Updated: Oct 22, 2018
Mark 1:35 (NASB95)
In the early morning, while it was still dark, Jesus got up, left the house, and went away to a secluded place, and was praying there.
After bidding them farewell, He left for the mountain to pray.
15 But the news about Him was spreading even farther, and large crowds were gathering to hear Him and to be healed of their sicknesses. 16 But Jesus Himself would often slip away to the wilderness and pray.
It was at this time that He went off to the mountain to pray, and He spent the whole night in prayer to God.
And it happened that while He was praying alone, the disciples were with Him, and He questioned them, saying, “Who do the people say that I am?”

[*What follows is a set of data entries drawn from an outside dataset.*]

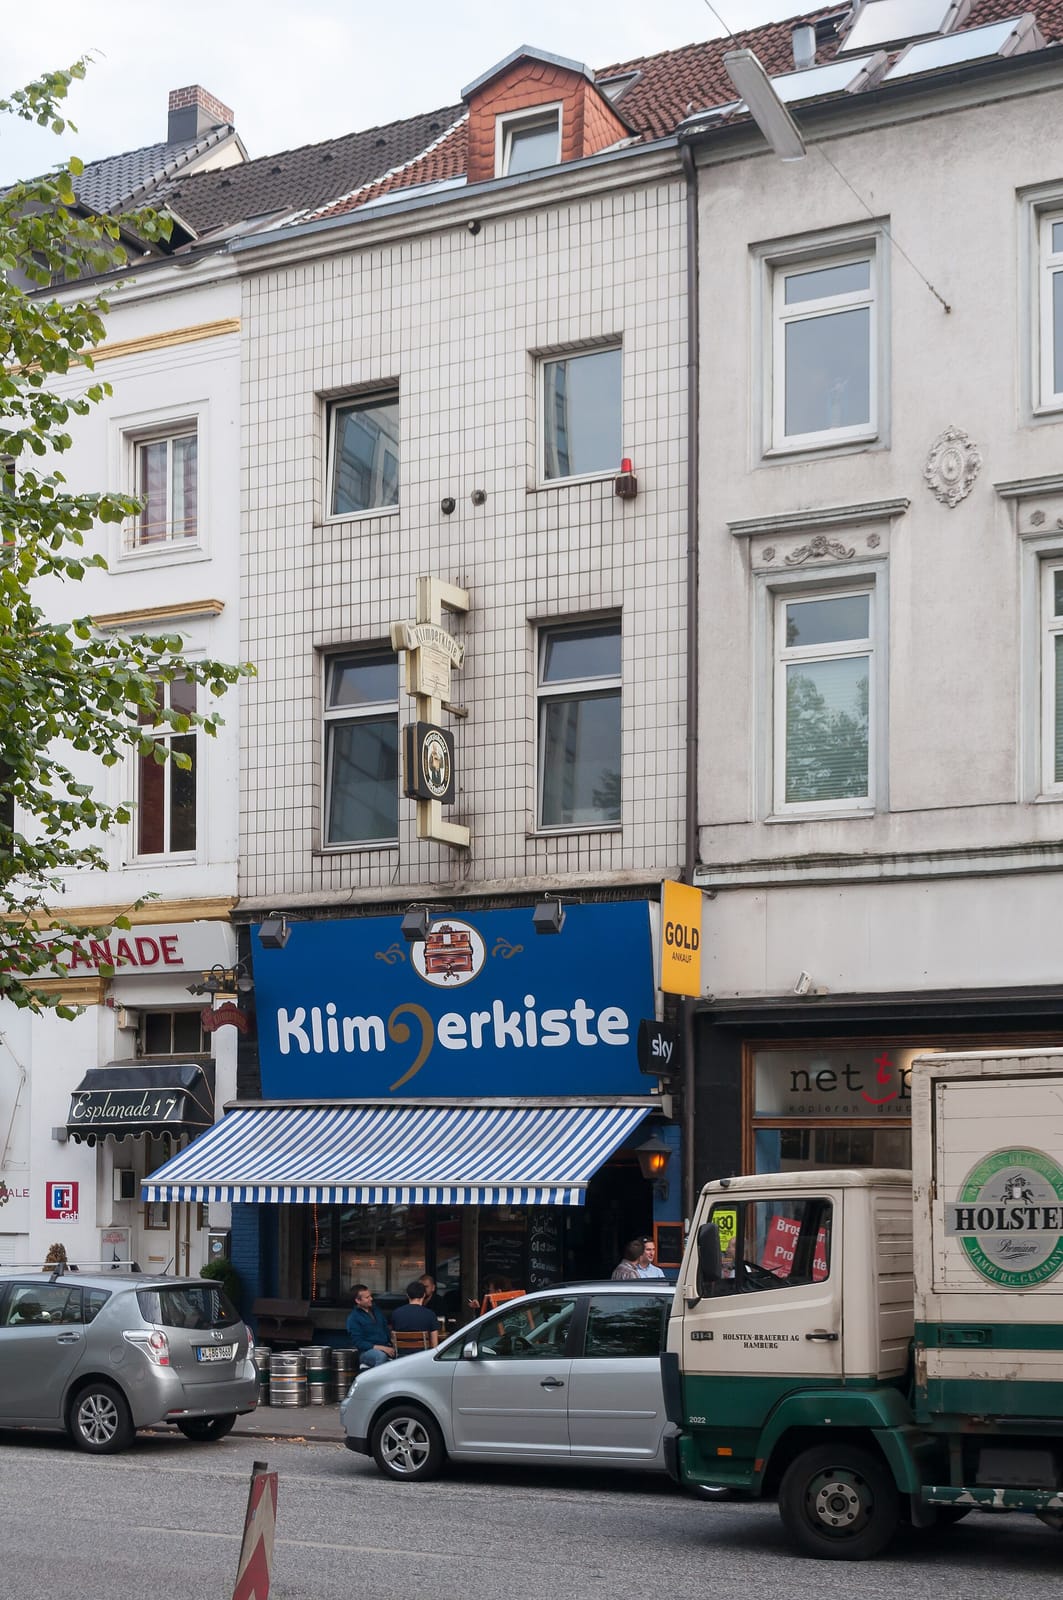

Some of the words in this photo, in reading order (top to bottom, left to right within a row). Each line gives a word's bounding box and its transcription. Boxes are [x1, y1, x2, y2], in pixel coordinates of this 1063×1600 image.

[665, 921, 700, 951] GOLD
[672, 951, 692, 964] ANKAUF
[652, 1033, 673, 1064] sky
[72, 1091, 151, 1123] Esplanade
[152, 1098, 177, 1120] 17
[60, 1211, 79, 1220] Cash
[955, 1207, 1063, 1231] HOLSTE
[722, 1333, 789, 1341] HOLSTEN-BRAUEREI

22 Immediately He made the disciples get into the boat and go ahead of Him to the other side, while He sent the crowds away. 23 After He had sent the crowds away, He went up on the mountain by Himself to pray; and when it was evening, He was there alone.
Alone. We tend not to like that word. It conjures up thoughts of loneliness and emptiness. It is the state of those rejected by others. Single parents, widows, and orphans feel alone. One of the few effective disciplinary tools in prisons is to be forced to be alone in solitary confinement. We were made for relationship, with God and with others. We don’t typically like to be alone. It can make us feel scared, rejected, isolated, and small. Yet, Jesus regularly sought time to be just that: alone. In fact, it was so important to Him that He sent away those who desperately wanted His help in order to do so.

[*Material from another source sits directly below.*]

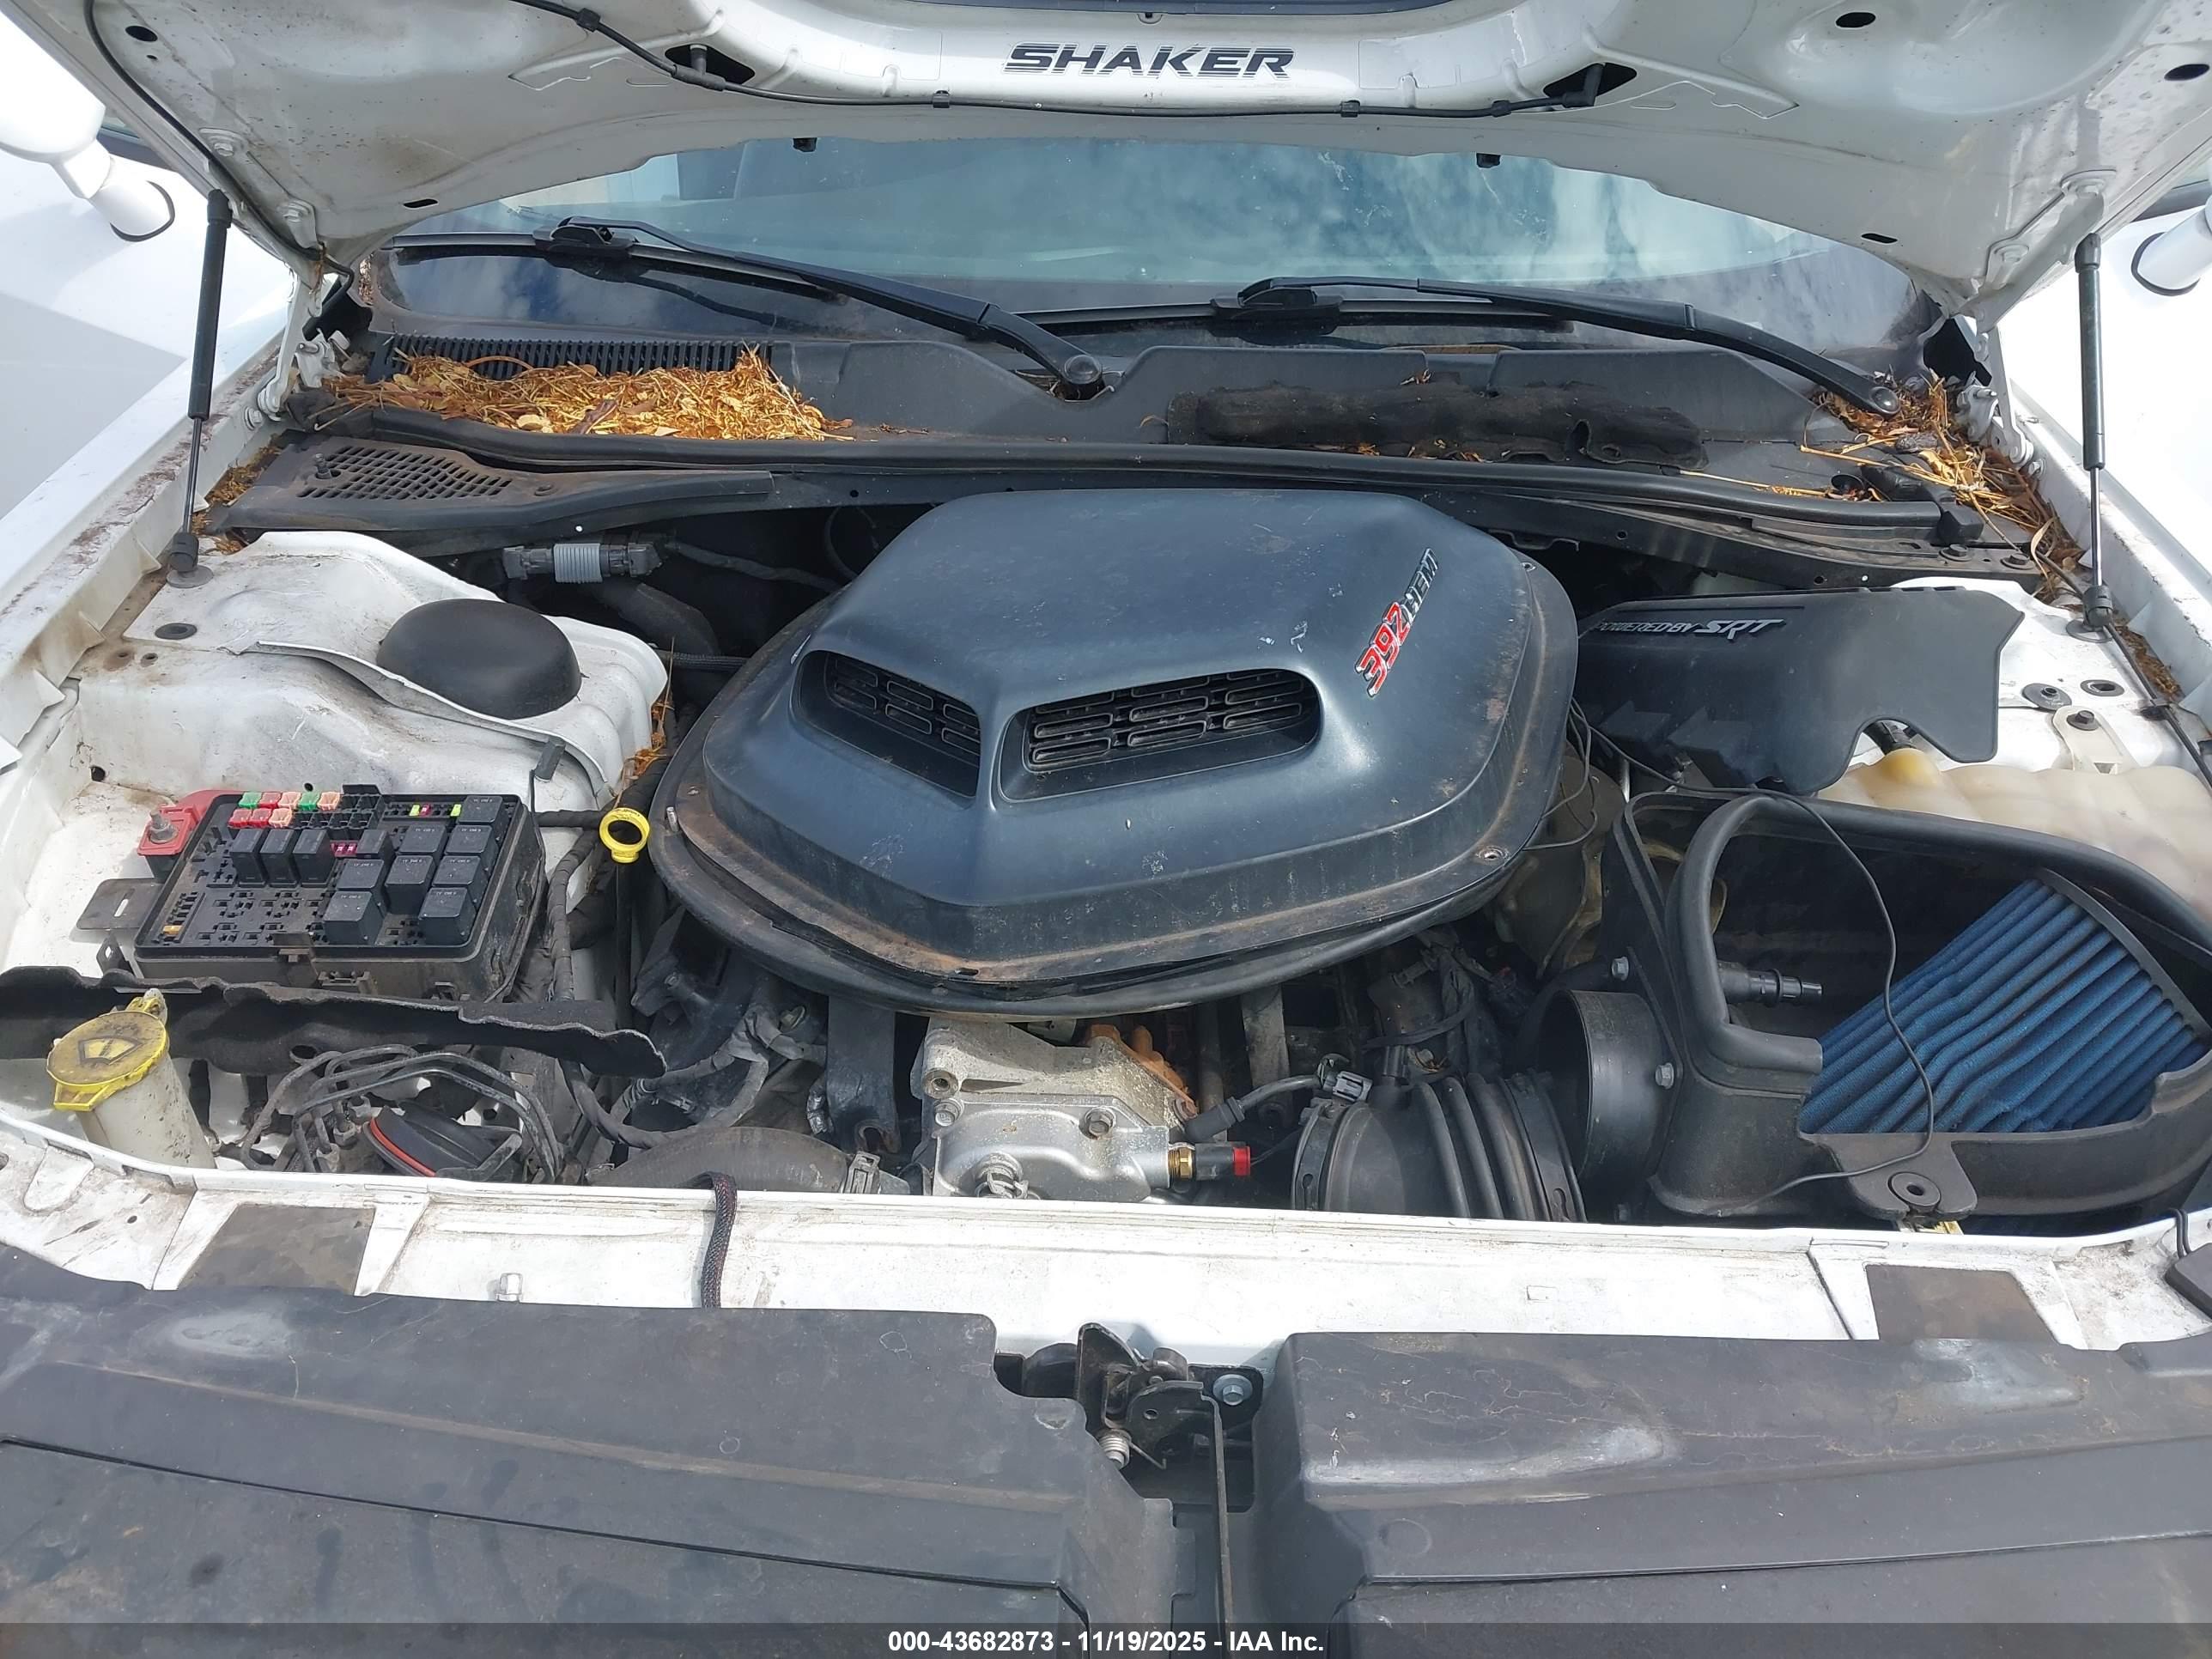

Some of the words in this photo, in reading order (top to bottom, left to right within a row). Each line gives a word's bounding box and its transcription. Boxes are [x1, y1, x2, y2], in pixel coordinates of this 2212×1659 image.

[1003, 42, 1295, 79] SHAKER
[1667, 622, 1699, 634] BY
[1696, 619, 1785, 640] SRT
[1355, 602, 1411, 697] 392

A while back, I spent time with a group of Jr. High and High School students at a retreat in the mountains. And while we focused quite a bit on being with each other, we also spent hours and hours choosing to be alone. This was not because we were “peopled-out” or because we didn’t want to be together, because we really did. It was because we wanted to follow Christ’s example. If, in His human limitations, Christ needed time alone, how much more do we need that same thing?

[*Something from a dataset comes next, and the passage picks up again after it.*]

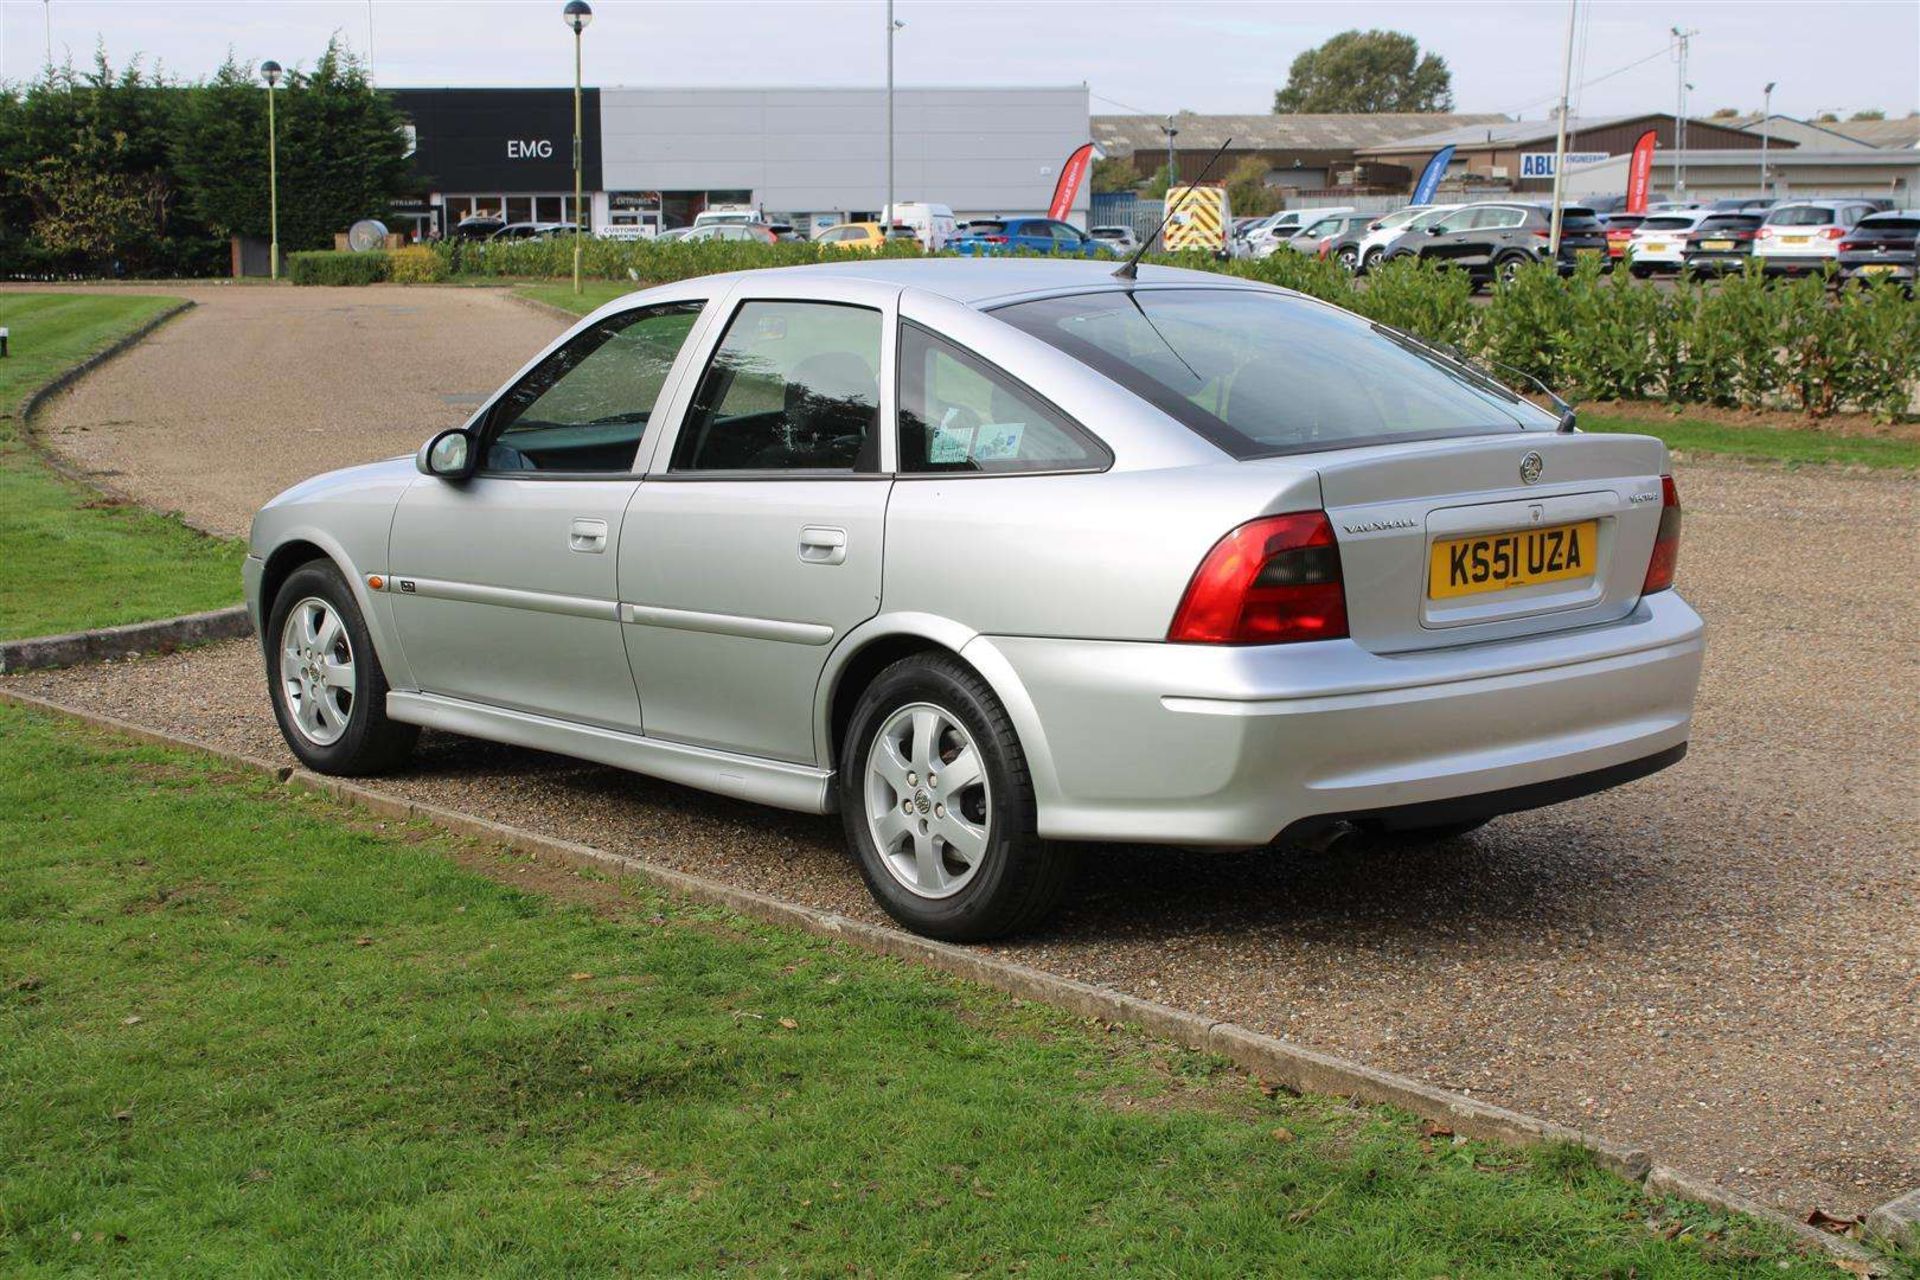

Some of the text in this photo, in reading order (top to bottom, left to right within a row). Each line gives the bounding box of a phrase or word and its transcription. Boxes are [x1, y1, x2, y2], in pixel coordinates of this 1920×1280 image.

[507, 140, 553, 158] EMG
[603, 226, 646, 234] CUSTOMER
[1343, 519, 1418, 533] VAUXHALL
[1450, 529, 1581, 587] KS51 UZA

Our lives are filled with distraction. We are connected 24/7 to chirping cell phones and droning televisions. We have kids that are constantly needing help with homework or dinner or attendance at their sports games and practices. While these things are important, helpful and entertaining, they can also be overwhelming. We were intentional at the retreat to eliminate such distractions. We got away from family and school obligations. We collected cell phones and even watches to eliminate the distraction of a schedule and time. It is amazing how much anxiety doing this brought initially to some, but they began to see how it took such a burden off and freed them to focus on each other and God.
Jesus was intentional about getting alone and away from distraction. He would go away while it was still dark and few were awake. He would take time to travel to a wilderness or mountainside where people were less likely to be, and even there, the disciples would often find Him and interrupt (I can definitely relate to that!). Yet, He didn’t stop trying to get away. He knew how important it was to spend focused time talking with the Father. Even now, I don’t know if I fully realize its importance. The lack of practice in my life would show that I don’t.
In our busy, distracted lives, may we be intentional about making time to get away to be alone with the Father who is waiting to be with us and hear from us.